39 thoughts on “Vilma Espin is dead – UPDATED”

  1. Presiento otra muerte importante pronto, lo presiento, HUELE A MUERTE EN LA HABANA y las auras tiñosas se preparan para el festin…
    me informan que el mausoleo en el pico turquino ya esta listo

  2. Anita Snow[job] correctly stated that Vilma Espin “trained as a chemical engineer.” What she omitted from her article, which is not politically correct in Cuba, is that Espin’s degree was from an American university in Boston. Her interest in chemical engineering developed as a result of her father José Espín Vivar being an executive of Bacardi Rum Company in Santiago de Cuba. Her sister Nilsa was a member of the Cuban Socialist Youth delegation that included Raúl Castro, who in February 1953 traveled to Eastern European Communist countries.
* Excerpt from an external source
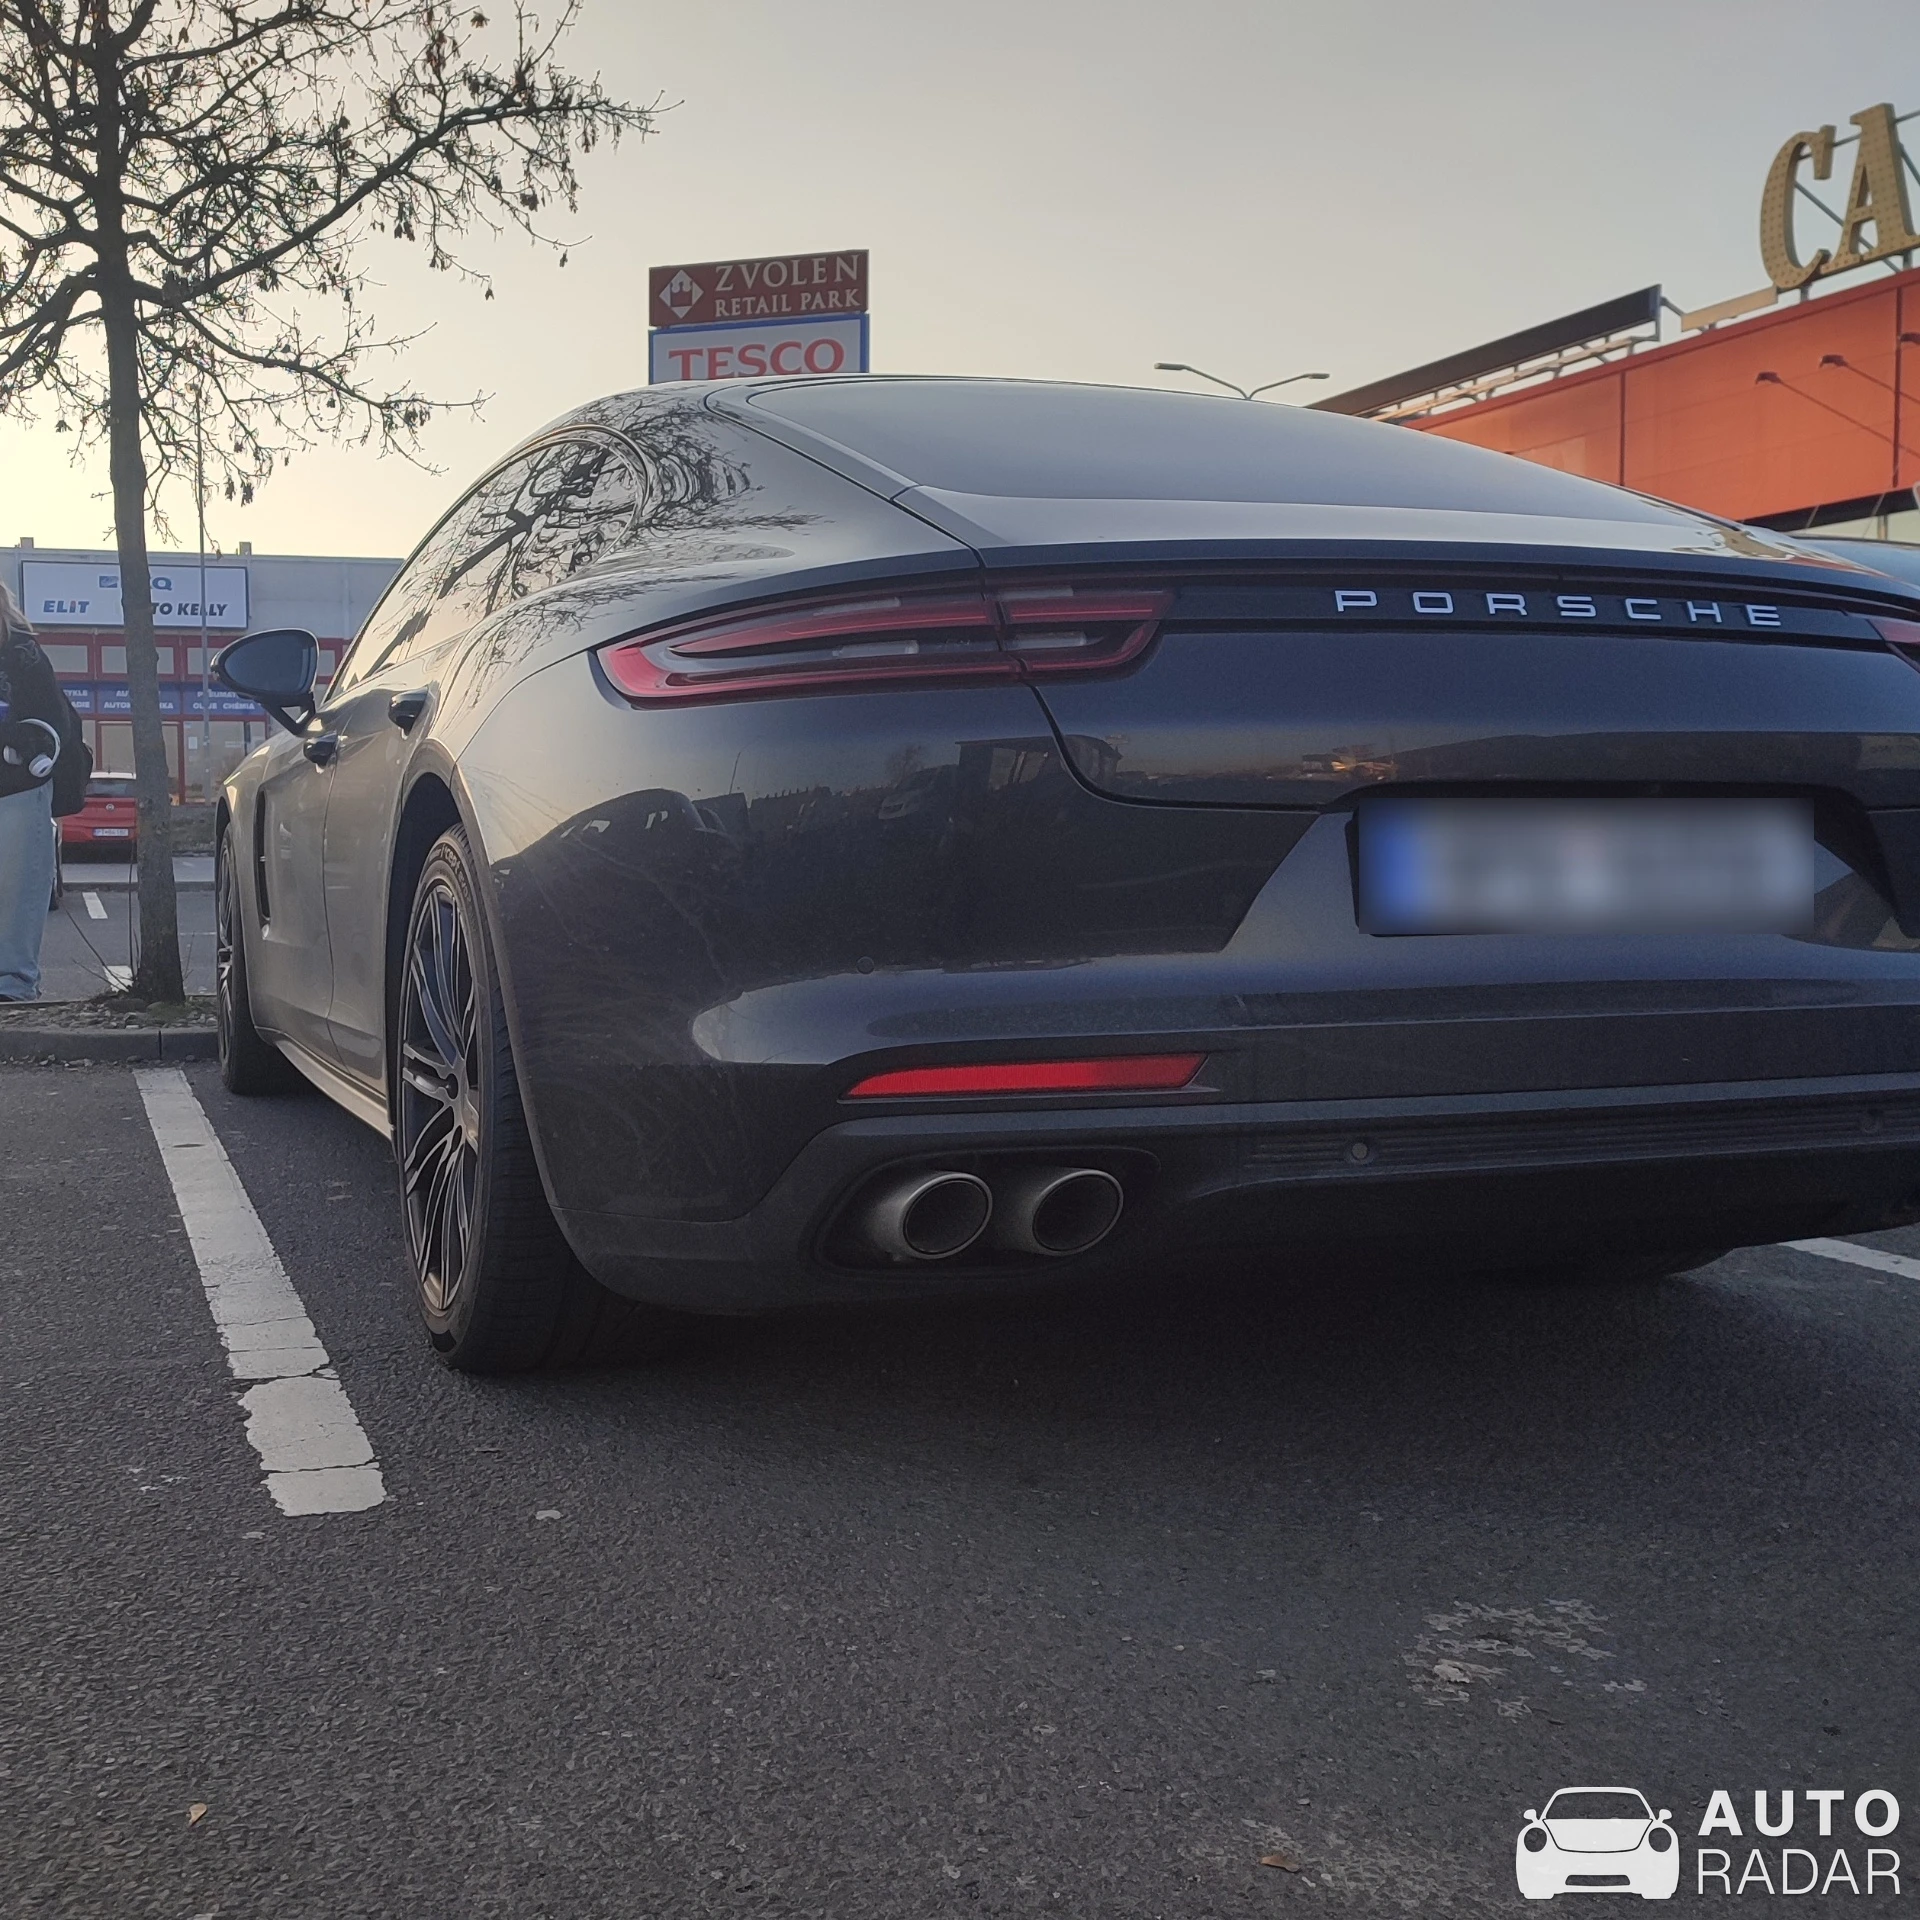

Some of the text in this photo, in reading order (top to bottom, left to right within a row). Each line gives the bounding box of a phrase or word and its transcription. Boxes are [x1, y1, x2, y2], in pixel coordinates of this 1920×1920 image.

In consequence, when Nilsa later applied for a U.S. visa to study at the same university with her sister, it was denied. In the 1960s, Nilsa “committed suicide” in the office of Raúl Castro, with his gun. That same day, in Pinar del Río, her husband also “committed suicide.”

  3. yeah Raul’d be the Widow. Wouldn’t this be an opportune moment to substitute her corpse for el coma-andante’s and have it closed casket pa que nadie sepa. Then they could make up an excuse that Fidel had been kidnapped by los yanquis. i don’t know.

  4. You people, PLEASE have some respect! I am in mourning over the death of my good friend Vilma Espin. Boo hoo.

  5. Do you think Hilary Clinton will send flowers? Maybe she’ll send her condolences to raul?
    Among the thousands of classified KGB files provided by former KGB activist Vasili Mitrokhin (defected to Britain in 1992) to Christopher Andrew, a Cambridge history professor and co-author of the book, “The World Was Going Our Way,” were documents related to Americans who traveled to Cuba beginning in 1969 as part of the pro-Castro Venceremos Brigade. One of these Americans was Hilary Clinton. Hilary Roddam, as she was called when she went to Cuba, became close friends with Vilma Espín. They saw each other occasionally during the many conferences they both attended. They both hugged and kissed each other (on the cheek) during the U.N. Fourth World Conference on Women in Beijing (Sept. 8, 1995), and then again on the Ninth Conference of Spouses of Heads of State and Government of the Americas during the “Women of the Americas: Agents of Change in Ottawa, Canada (October 1999). I’m sure Hilary will miss her.
    Raulita is sure to follow SOON! One can only hope his liver will finally burst.

  6. With deep regret and sympathy, I have asked Uva de Aragán to set up at our Center for Cubanologo Studies at FIU a book of condolences for Vilma Espin for the public to sign. We will then deliver it to the Cuban Interests Section in Washington, D.C.

  7. Lisandro, thanks for being so thoughtful. I have already telephoned Raul Castro with my condolences, who said to thank you for your solidarity. I will stop by FIU tomorrow to sign your book.

  8. Congratulations, Lisandro. That’s a great idea. I am going to start tomorrow a condolences book for Vilma Espin here in Pittsburgh.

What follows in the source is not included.